The company has an export-oriented factory occupying half of the area of its 12-bigha land at Naojur in Gazipur.
It has been trying to set up another knitwear factory using the rest of the land.
In 2015, the company sought approval from the Rajdhani Unnayan Kartripakkha (Rajuk) to use the land for industrial purposes. The city’s development authority said the proposed land is an arable land under its Detailed Area Plan (DAP).
As per Rajuk’s recommendation, the company then submitted an application to change the status of the land from farmland to an industrial one, said MA Muttaleeb (Khokan), managing director of ICCL.
“But the Rajuk has been delaying to give approval. Now our Dutch investor is threatening to withdraw the investment from Bangladesh due to the delay in implementation of the project.”
On November 27 this year, the commerce ministry came up to rescue the company and sent a letter to Rajuk with a request to allow ICCL to use the land. The Daily Star obtained a copy of the letter.
“This is my own land and I want to expand my operations. Rajuk should assist me, but it has not been doing it,” said Khokan who has been exporting knitwear items worth more than $35 million a year employing nearly 5,000 workers.

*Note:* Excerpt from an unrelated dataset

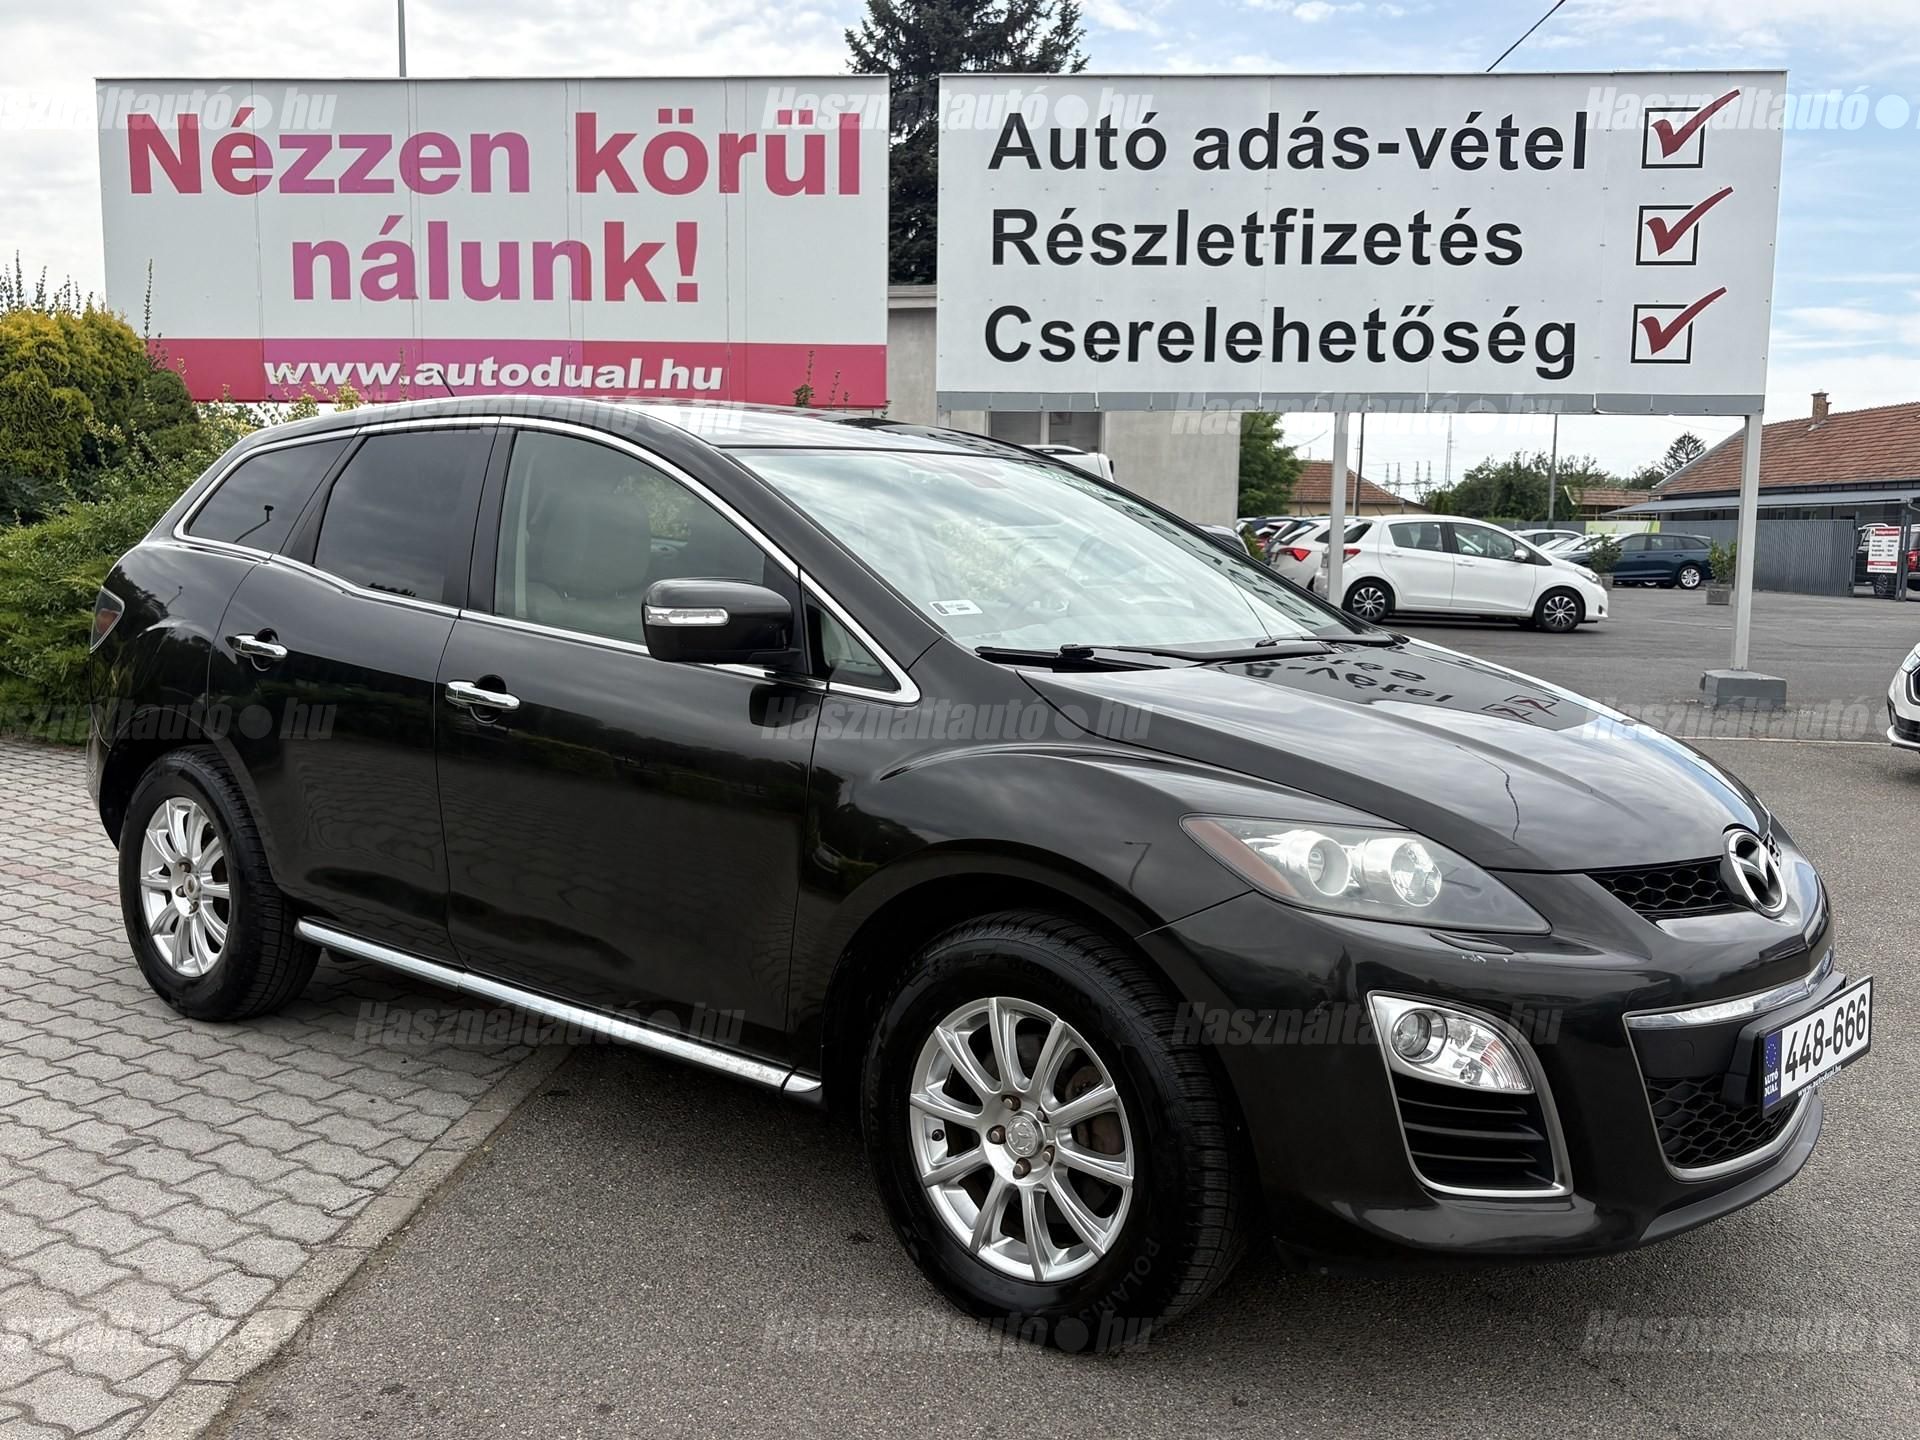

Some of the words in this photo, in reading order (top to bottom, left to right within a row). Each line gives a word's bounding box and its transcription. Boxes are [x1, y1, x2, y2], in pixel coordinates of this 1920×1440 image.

He also said if the proposed factory is set up, another some 5,000 workers could be employed and the export value will also increase.
“I have a lot of work orders from the international buyers, so I want to expand my operations,” said Khokan who has been catering work orders for European brands Zara, Next and Bestseller.
Earlier, the factory owners in Gazipur areas used to collect permissions to establish factory from local municipalities or Gazipur City Corporation.
After the Rana Plaza building collapse in April 2013, it has been made mandatory to seek Rajuk’s approval for new factories in an effort to avoid such industrial disasters.
Since then, the garment factory owners, especially in Gazipur, Ashulia, Savar and Tongi areas, have been complaining that they are facing troubles in obtaining permissions from Rajuk to setup new units.
“Bangladesh Garment Manufacturers and Exporters Association received no written complaint in this regard so far, but verbally some owners have discussed about the issue. Thus, no meeting with Rajuk was held in this regard,” said Rubana Huq, president of BGMEA.
“Our suggestion is the revised DAP must be approved as soon as possible to avoid confusion.”
On the other hand, Sultan Ahmed, chairman of Rajuk, said if any factory owner submits the documents following the revised strategies of land use, mapping and design, they will get it easily.
“We will take action if there is such specific complaint with the Rajuk,” Ahmed told The Daily Star by phone.
But, nobody needs to go through the backdoor or paying bribes to any official of the Rajuk, he said adding, “Anybody can come to the me if he wants. I will solve his problem. I will suggest please come to me I can solve the problems.”
Of the total number of garment and textile factories in Bangladesh, nearly 60 percent are located at Gazipur, Ashulia, Maona, Bhaluka, Savar, Tongi and Mirpur areas.
The factory owners chose the high land of these areas when almost all units had gone under water due to massive flood in 1988.
So, these areas have turned into metropolis as the owners built factories and houses for millions of workers.